Assumeva, poi, lo stesso ricorrente che il canone ermeneutico richiamato in motivazione, ubi voluit dixit, ubi noluit tacuit, sarebbe stato erroneamente applicato, perché il discorso della volontà implicita poteva avere ad oggetto solo le unità immobiliari espressamente richiamate nella disposizione de qua, non potendo estendersi ai locali posti ai piani superiori, di cui non vi era menzione alcuna. Infine, si richiamava il principio costantemente affermato in giurisprudenza, per il quale le limitazioni alle facoltà di uso della proprietà individuale previste nel regolamento condominiale dovevano connotarsi per chiarezza ed inequivocità, sicché la soluzione raggiunta nella sentenza gravata contravveniva evidentemente allo stesso, in quanto mancava una disposizione regolamentare che si occupasse delle unità immobiliari poste ai piani superiori, essendo peraltro presenti altre disposizioni che avevano invece espressamente disposto anche in ordine alle restanti unità immobiliari dello stabile.
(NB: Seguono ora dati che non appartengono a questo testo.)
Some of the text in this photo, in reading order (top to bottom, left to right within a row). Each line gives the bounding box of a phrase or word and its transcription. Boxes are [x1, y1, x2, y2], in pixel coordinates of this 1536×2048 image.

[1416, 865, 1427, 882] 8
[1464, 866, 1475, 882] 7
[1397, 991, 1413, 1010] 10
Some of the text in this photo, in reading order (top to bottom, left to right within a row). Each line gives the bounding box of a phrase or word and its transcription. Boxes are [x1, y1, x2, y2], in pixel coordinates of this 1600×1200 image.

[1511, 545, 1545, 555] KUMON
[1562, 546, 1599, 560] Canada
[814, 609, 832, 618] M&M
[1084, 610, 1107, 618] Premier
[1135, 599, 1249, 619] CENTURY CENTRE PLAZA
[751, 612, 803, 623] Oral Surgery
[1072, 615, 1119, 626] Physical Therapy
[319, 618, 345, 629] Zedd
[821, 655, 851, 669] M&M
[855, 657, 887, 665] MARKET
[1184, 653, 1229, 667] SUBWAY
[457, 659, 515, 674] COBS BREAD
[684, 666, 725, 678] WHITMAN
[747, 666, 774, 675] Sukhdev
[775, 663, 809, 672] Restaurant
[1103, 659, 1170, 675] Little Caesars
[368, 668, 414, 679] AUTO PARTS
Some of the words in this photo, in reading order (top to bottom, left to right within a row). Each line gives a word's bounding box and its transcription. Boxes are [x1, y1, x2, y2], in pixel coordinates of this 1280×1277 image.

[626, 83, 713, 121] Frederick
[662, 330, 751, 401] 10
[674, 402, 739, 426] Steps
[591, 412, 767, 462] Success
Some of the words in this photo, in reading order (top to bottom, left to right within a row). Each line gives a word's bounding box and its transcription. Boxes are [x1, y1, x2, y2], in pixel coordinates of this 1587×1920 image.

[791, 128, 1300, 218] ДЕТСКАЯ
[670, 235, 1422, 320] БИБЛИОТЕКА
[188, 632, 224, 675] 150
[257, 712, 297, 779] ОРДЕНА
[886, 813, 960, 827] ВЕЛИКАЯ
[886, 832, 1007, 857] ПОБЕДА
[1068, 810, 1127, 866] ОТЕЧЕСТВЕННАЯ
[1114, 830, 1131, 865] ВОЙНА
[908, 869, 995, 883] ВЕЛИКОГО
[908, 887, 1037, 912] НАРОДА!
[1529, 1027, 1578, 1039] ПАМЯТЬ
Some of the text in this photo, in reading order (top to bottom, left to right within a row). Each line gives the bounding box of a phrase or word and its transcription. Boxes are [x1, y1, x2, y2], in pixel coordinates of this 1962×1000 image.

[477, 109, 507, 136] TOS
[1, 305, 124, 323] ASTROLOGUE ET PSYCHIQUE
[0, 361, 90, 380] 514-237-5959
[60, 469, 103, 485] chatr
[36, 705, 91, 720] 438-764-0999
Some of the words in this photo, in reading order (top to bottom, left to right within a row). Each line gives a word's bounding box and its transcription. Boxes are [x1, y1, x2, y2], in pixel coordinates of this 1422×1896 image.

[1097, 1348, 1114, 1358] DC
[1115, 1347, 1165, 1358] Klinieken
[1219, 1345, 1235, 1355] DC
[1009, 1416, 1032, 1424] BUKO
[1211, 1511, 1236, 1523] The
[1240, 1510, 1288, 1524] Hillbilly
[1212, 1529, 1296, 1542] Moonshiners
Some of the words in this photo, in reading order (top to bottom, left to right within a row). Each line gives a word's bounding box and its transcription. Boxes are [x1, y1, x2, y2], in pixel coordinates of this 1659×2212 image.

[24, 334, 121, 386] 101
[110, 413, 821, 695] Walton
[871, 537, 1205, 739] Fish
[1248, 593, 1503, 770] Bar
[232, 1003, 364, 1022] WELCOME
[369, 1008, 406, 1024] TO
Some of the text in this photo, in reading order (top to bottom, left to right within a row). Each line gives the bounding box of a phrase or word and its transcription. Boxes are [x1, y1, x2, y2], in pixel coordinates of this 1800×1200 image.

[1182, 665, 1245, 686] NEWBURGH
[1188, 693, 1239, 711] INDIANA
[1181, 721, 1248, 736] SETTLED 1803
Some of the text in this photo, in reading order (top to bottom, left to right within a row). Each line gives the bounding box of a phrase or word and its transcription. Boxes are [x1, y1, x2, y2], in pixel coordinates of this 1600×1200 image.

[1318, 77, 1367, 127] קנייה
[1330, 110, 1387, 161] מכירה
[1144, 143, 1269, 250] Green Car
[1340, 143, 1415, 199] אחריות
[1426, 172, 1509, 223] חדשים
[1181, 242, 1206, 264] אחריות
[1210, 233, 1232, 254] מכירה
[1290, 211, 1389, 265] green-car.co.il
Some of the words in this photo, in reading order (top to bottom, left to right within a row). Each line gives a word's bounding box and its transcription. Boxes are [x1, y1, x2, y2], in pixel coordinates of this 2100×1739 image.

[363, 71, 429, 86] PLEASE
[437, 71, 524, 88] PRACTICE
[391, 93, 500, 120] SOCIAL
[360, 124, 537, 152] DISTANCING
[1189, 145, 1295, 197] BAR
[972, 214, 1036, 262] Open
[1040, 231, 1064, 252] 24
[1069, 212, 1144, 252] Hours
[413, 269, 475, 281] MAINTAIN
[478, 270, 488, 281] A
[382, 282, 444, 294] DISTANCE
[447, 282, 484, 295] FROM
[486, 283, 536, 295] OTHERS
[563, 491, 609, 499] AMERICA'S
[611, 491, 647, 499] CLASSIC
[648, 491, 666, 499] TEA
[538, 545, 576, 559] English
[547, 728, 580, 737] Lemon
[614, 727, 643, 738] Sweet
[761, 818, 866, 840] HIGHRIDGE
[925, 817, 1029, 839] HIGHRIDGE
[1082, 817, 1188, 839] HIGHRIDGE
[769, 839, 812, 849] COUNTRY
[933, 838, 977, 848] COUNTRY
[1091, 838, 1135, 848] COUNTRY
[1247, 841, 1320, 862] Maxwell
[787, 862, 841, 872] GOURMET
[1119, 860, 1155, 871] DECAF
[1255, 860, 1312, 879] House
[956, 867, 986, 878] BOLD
Gli ermellini hanno accolto il ricorso del condomino-ristoratore.
Al riguardo, si è premesso che costituisce orientamento consolidato in giurisprudenza quello secondo cui non è censurabile in Cassazione l’interpretazione del regolamento di condominio compiuta dai giudici di merito, salvo che per violazione dei canoni ermeneutici o per vizi di motivazione (v., da ultimo, Cass. 8 gennaio 2016, n. 138).
E proprio riguardo all’interpretazione del regolamento di origine contrattuale, si è ribadito che, ai fini della ricerca della comune intenzione dei contraenti, il principale strumento è rappresentato dal senso letterale delle parole e delle espressioni utilizzate nel contratto, il cui rilievo deve essere verificato alla luce dell’intero contesto contrattuale, sicché le singole clausole vanno considerate in correlazione tra loro, dovendo procedersi al loro coordinamento a norma dell’art. 1363 c.c. e dovendosi intendere per “senso letterale delle parole” tutta la formulazione letterale della dichiarazione negoziale, in ogni sua parte ed in ogni parola che la compone, e non già in una parte soltanto, quale una singola clausola di un contratto composto di più clausole, dovendo il giudice collegare e raffrontare tra loro frasi e parole al fine di chiarirne il significato (v., ex plurimis, Cass. 19 ottobre 2012, n. 18052, in Riv. giur. edil., 2012, I, 1389).

Quindi, una volta ribadita la necessità di fare applicazione delle regole legali di interpretazione in materia di contratti anche al caso in esame, si è, altresì, ricordato che costituisce principio di diritto del tutto consolidato quello secondo il quale, riguardo all’interpretazione del contenuto di una convenzione negoziale adottata dal giudice di merito, l’invocato sindacato di legittimità non può investire il risultato interpretativo in sè, che appartiene all’àmbito dei giudizi di fatto riservati appunto a quel giudice, ma deve appuntarsi esclusivamente sul (mancato) rispetto dei canoni normativi di interpretazione dettati dal legislatore agli artt. 1362 ss. c.c., e sulla (in)coerenza e (il) logicità della motivazione addotta (v., tra le tante, Cass. 10 febbraio 2015, n. 2465, in Foro it., Rep. 2015, voce Contratto in genere, n. 310).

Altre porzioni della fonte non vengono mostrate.